Trois réponses positives
Des trois entretiens précédents, j’ai reçu trois réponses positives quelques jours plus tard. 100% de réussite. J’ai donc pu dès ce jeudi 1er septembre être devant moi dans une école maternelle ou élémentaire. Mais j’ai décidé d’arrêter l’expérience ici. Sophie Vénétitay, secrétaire générale et représentante du Snes, le syndicat des enseignants du primaire et du secondaire, qualifie le processus de recrutement que j’ai suivi de “stressant” et d’”inacceptable”. “C’est un show”, déplore-t-il auprès de BFMTV.com. « Le ministère pourra cocher la case d’un enseignant devant chaque classe à la rentrée, comme promis, mais combien de contractuels démissionneront, combien craqueront ? On oublie que l’enseignement est un métier qui apprend, pour lequel on est formé.” “Accepteriez-vous d’être soigné par un médecin enrôlé parce qu’il surveille les urgences et sait comment mettre un pansement ? Non. Alors pourquoi imposons-nous cela à nos enfants ?” Du côté de l’académie de Versailles, on me dit d’être “confiant à la rentrée”, en recrutant des personnes “aux profils divers et dédiés”. Il ajoute : « L’académie se concentre désormais sur la mise en place d’un accueil et d’un accompagnement de qualité pour l’ensemble de ces personnels : journées de formation avant la rentrée et en cours d’année, tutorat avec des professeurs expérimentés, ressources adaptées. En amont de la rentrée, des sessions de formation ont été organisées dans plusieurs académies.
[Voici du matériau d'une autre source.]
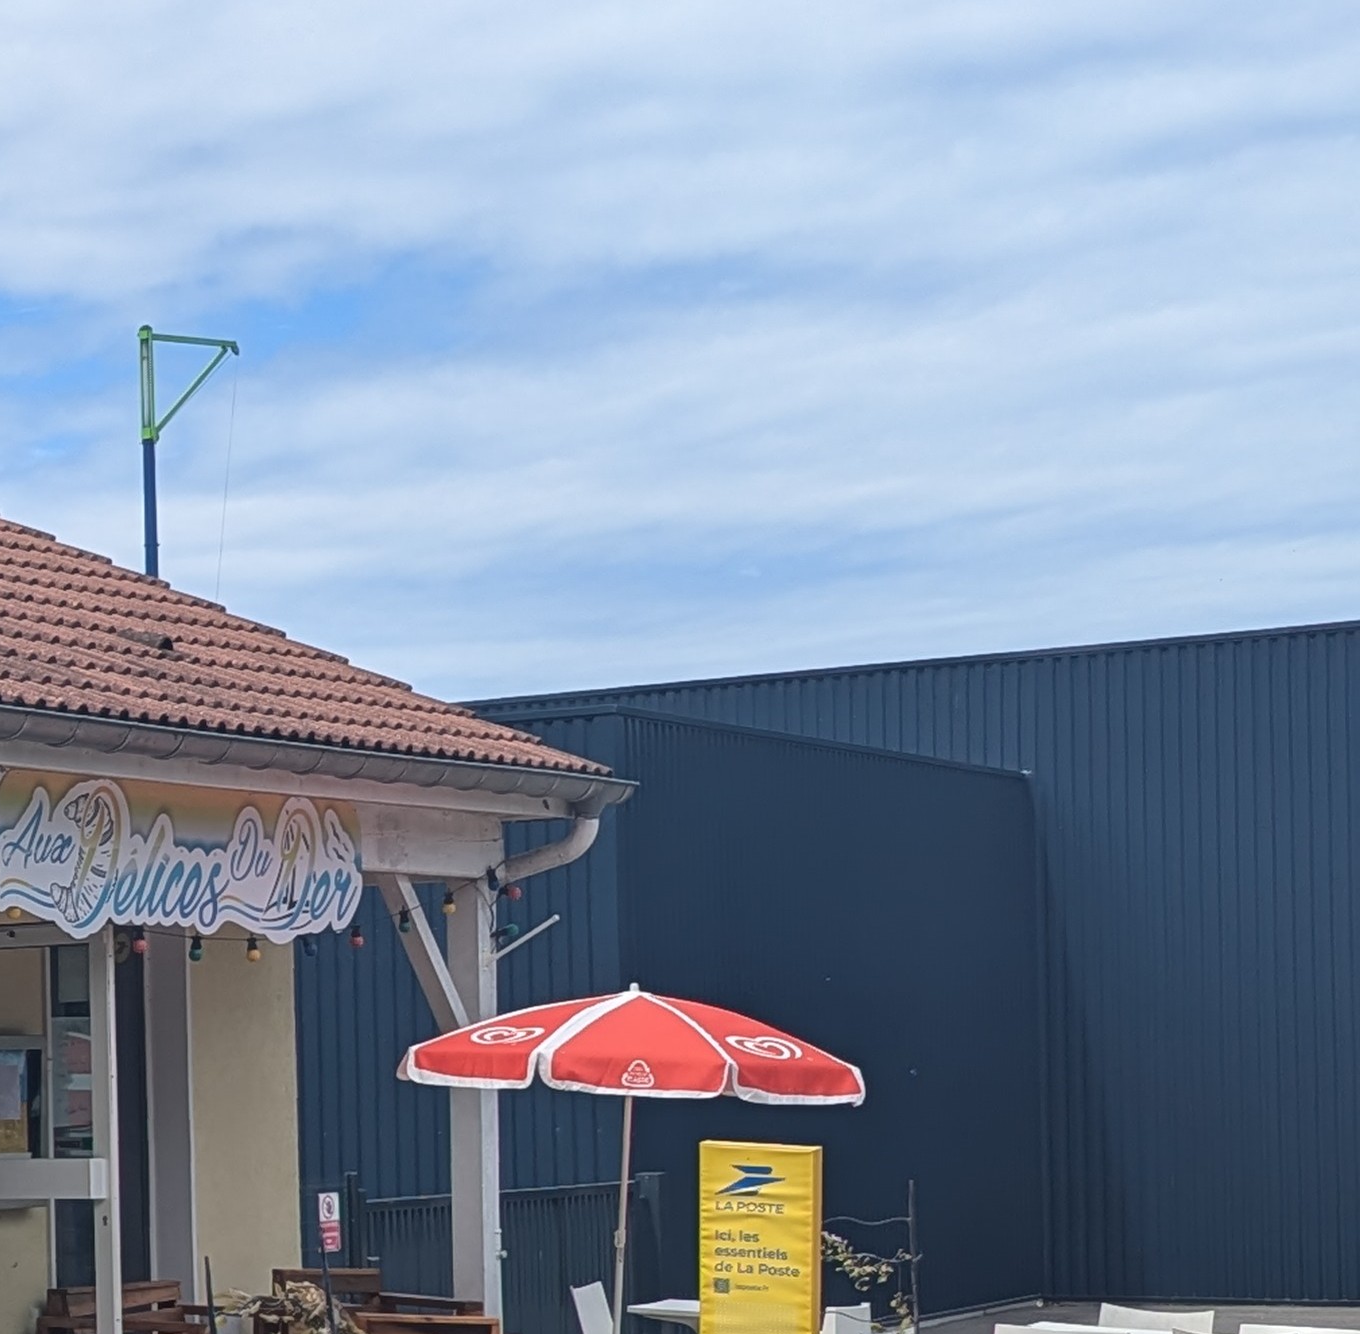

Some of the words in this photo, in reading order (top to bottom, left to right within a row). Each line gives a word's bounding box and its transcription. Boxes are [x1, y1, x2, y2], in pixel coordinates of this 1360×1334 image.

[2, 800, 76, 869] Aux
[230, 818, 274, 881] Du
[260, 808, 358, 931] Der
[715, 1200, 734, 1212] LA
[736, 1201, 785, 1215] POSTE
[739, 1229, 760, 1243] les
[714, 1247, 788, 1261] essentiels
[714, 1260, 734, 1273] de
[737, 1262, 754, 1274] La
[758, 1263, 801, 1278] Poste
L’objectif est d’apprendre aux recrues en quelques jours “comment asseoir leur autorité” ou “comment véhiculer des informations de manière compréhensible et appropriée”, résume Mehdi Cherfi, directeur des relations et des ressources humaines de l’académie de Créteil, à BFMTV. Et “leur donner un certain nombre d’éléments un peu clés en main pour le contenu disciplinaire”.
“Il faut faire face”
J’ai essayé de contacter le ministère pour obtenir des détails sur la façon dont les nominations contractuelles sont vérifiées et le profil des personnes recrutées pour leur réintégration. Je n’ai pas eu de réponse. Interrogé sur la question jeudi, une semaine avant la rentrée, Pope Diaz a reconnu que la situation n’était pas “optimale”. « Nous faisons de notre mieux » a commenté le ministre de l’Éducation nationale pour…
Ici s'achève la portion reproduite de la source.